Logistik Start-up erhält eine Millionen Förderung vom Bund

Mit Hilfe von künstlicher Intelligenz will das Hamburger Start-up Carrypicker die Auslastung von Lkw verbessern. Vom Bundesverkehrsministerium gibt es nun eine Förderung.

Der Gründer Andreas Karanas, ehemaliger CEO Startups Cargonexx, möchte mit Carrypicker die Anzahl der LKW Leerfahrten reduzieren. Die große Menge an Lieferungen macht es den europäischen Spediteuren fast unmöglich ihre Frachten ökonomisch und ökologisch zu organisieren.
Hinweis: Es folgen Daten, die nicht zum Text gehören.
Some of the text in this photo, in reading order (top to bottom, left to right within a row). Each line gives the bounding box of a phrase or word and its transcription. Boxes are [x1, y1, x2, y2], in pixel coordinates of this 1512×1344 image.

Daher kommt es immer wieder zu einer hohen Anzahl von Leerfahrten, 37% wie das Kraftfahrt-Bundesamt für 2017 ermittelte. Carrypicker möchte mit seiner KI gestützten Plattform dafür sorgen, dass die freien Kapazitäten besser verteilt werden. Über den “Mobilitätsfonds mFund” erhält das Start-up nun 2,4 Millionen Euro Förderung vom Bundesverkehrsministerium.
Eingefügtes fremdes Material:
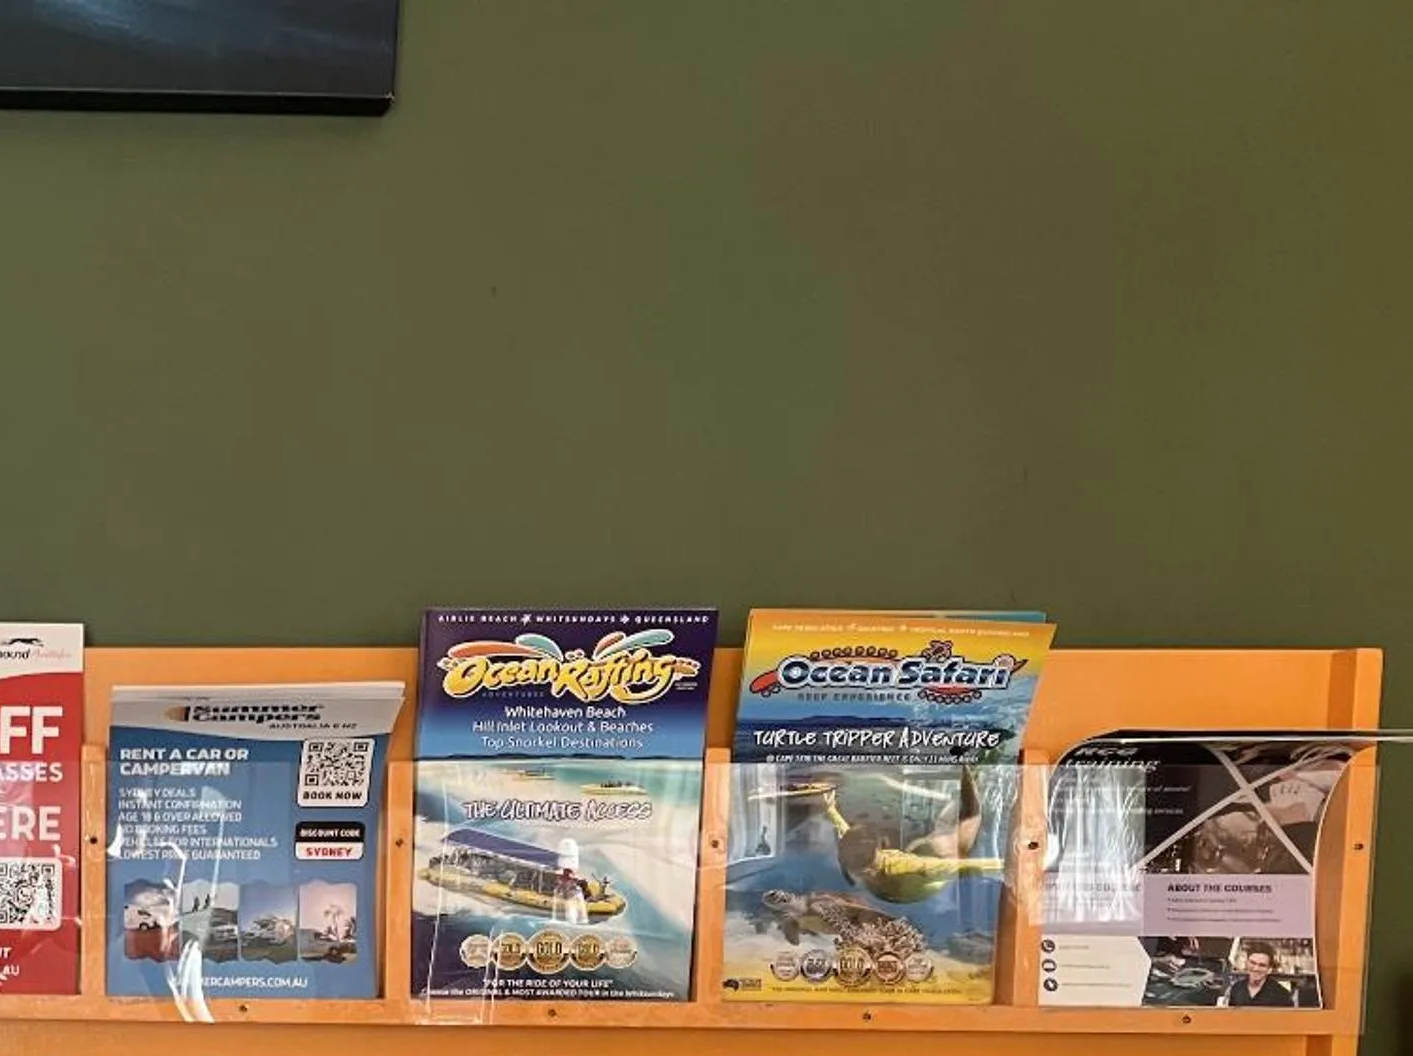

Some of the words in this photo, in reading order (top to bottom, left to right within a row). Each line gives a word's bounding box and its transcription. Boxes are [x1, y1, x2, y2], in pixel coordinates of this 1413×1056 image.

Laut Unternehmensangaben errechnet die KI in Sekundenschnelle, wie Lieferungen effizient auf freie Lieferkapazitäten aufgeteilt werden können. Dazu greift Carrypicker auf 300 Mio. Frachtdaten zurück. Diese Daten stammen von rund 2000 Frachtunternehmen, die das Carrypicker System nutzen. Kommt eine Anfrage beispielsweise für eine Lieferung von Berlin nach München, prüft das System, wie diese Ladung effizient auf die freien Kapazitäten aufgeteilt werden kann. Bei der Berechnung soll das System über 50 Faktoren berücksichtigen. Zu den wichtigsten gehören unter anderem die schnellsten Wege, die Verkehrsdichte und Wetterdaten.